Government Power and Extreme Wealth Removal
To advance a wealth defense strategy, a family needs government backing. Wealth of over $40m converts to political power, Collins says, and can be used to protect assets and ensure continued growth.
The final phase is a different kind of wealth accumulation, one that Collins calls "extreme removal" to describe how the wealthy have come to affect nearly every single part of an Americans' daily existence largely through investment firms, which allows wealthy individuals to fund private companies.
"Private equity is searching for those corners of the economy where they can extract value a little bit harder," Collins said. "One thing I don't think people comprehend is these billionaire private-equity funds are what happens when so much wealth is stored in so few hands, and they can basically shift and say, 'Where else can we squeeze money out of the economy?' Healthcare? Great. Mobile home parks? These people can't go anywhere, [so] you can increase their costs."
Actual Impacts
The effects of this inequality go beyond the wealth getting wealthier. It's about people paying more for their healthcare, rent and vet bills without seeing any significant salary growth. And Collins said the suffering and anger of this kind of society can lead to serious unrest.

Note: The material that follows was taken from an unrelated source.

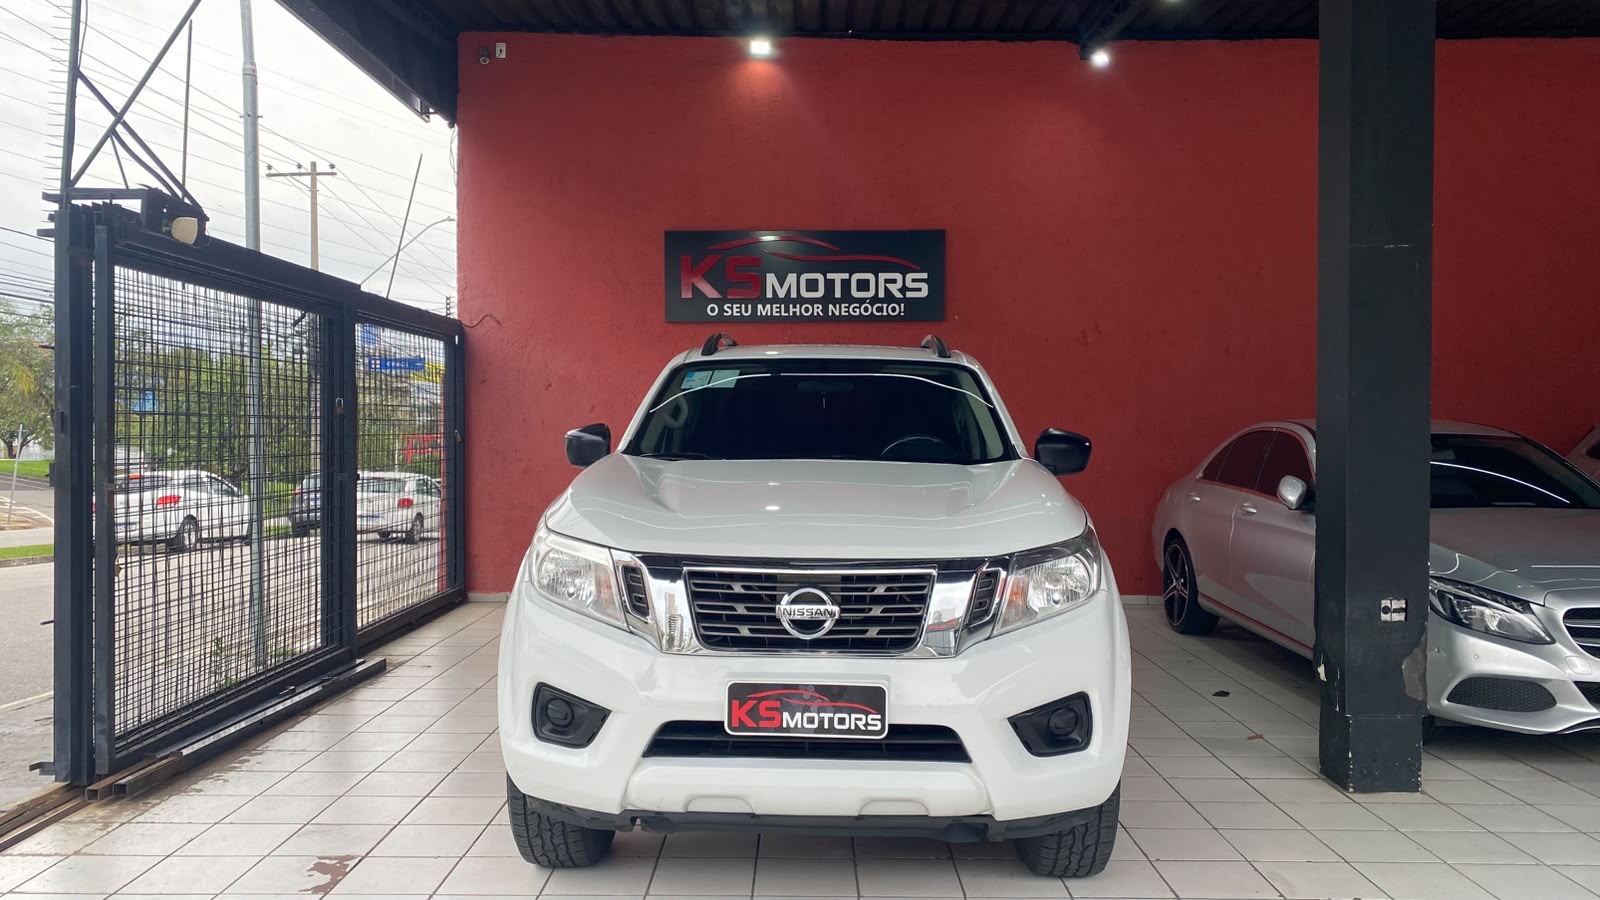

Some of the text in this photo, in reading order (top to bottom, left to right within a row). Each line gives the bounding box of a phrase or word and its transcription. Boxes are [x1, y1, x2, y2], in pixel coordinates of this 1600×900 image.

[680, 255, 928, 299] KS MOTORS
[706, 300, 905, 316] O SEU MELHOR NEGÓCIO!
[782, 607, 833, 617] NISSAN
[731, 700, 882, 731] KS MOTORS

"The most powerful affluent rulers understand people are being excluded [and] are financially struggling," Collins said, adding that right-leaning leaders have been good at tapping into a potent "phony populism".
Government Truth
The contradiction, Collins points out in his book, is that political leaders have appointed a succession of billionaires to administrative posts. Along with wealthy entrepreneurs who had brief but powerful roles overseeing substantial reductions to the federal workforce, other key positions for commerce, treasury, education and the interior are also all billionaires.

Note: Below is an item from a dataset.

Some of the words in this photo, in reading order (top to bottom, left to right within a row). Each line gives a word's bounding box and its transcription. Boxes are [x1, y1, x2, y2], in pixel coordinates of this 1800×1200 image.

This political landscape, along with help from political partners, helped pass huge tax bills, which will make lasting reductions for the wealthy and corporations.
The Path Forward
While political parties continue to argue that immigration and poor economic deals are the source of everyone's economic problems, "the challenge is: Will the alternative political group, which has also been captured by the billionaires and big money, be able to effectively tackle the underlying harms?" Collins said.
Left-leaning officials, he argues, know what policies are needed to "reverse the updraft of wealth", including deep changes to the tax system, raising the minimum wage and strengthening unions.

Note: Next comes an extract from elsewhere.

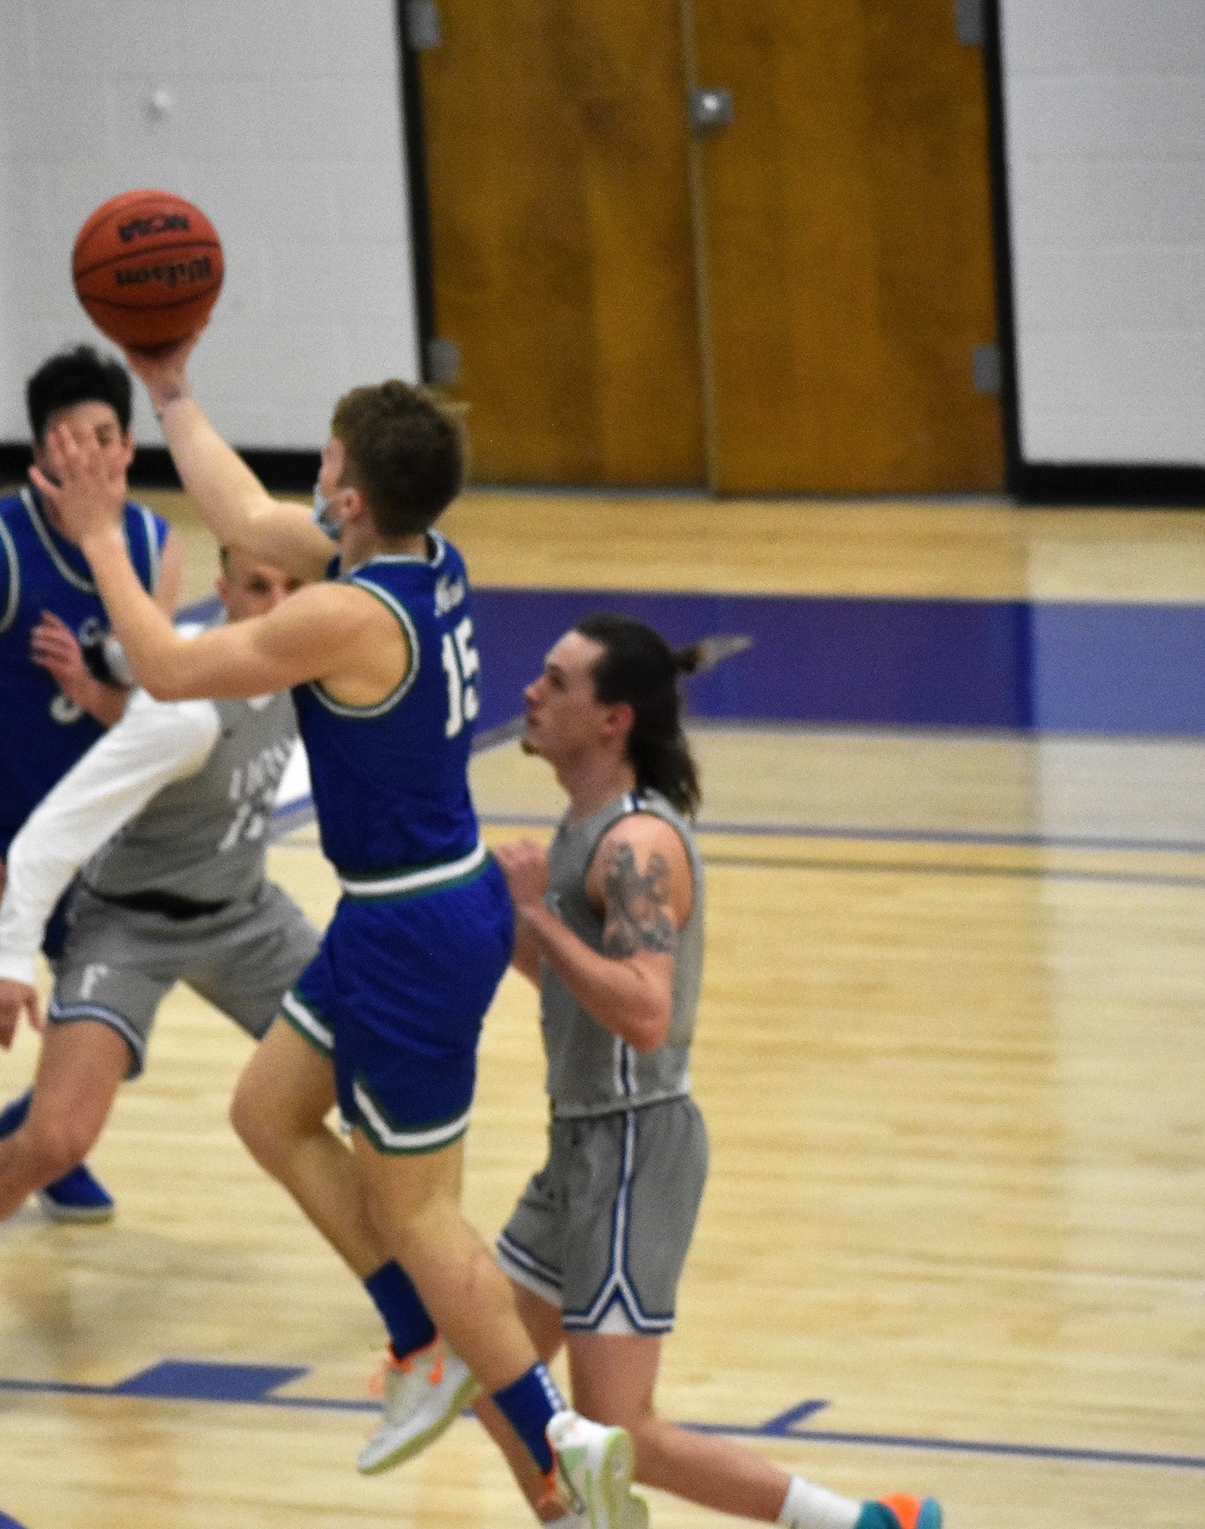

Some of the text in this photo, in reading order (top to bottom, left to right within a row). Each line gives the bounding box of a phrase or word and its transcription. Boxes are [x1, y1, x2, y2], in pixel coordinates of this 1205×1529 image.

[117, 213, 190, 243] NCAA
[114, 255, 211, 288] Wilson
[441, 614, 481, 740] 15

"It was so, so close, and the legislation really did reflect the will of the majority of people who really want lawmakers to fix some of these pressing issues," Collins said. "Oligarchic power is not about creating so much as blocking. It's easier to block than it is to make something meaningful happen, but the institutional knowledge is there. We know what that looks like."
Collins is hopeful that there can be change, but said it would require continuous government action.
"It may be sooner than expected that the balance shifts, and then it really is about sustaining a sustained really popular movement to make progress on this profound imbalance we're living in," he said. "We can fix this. It is addressable."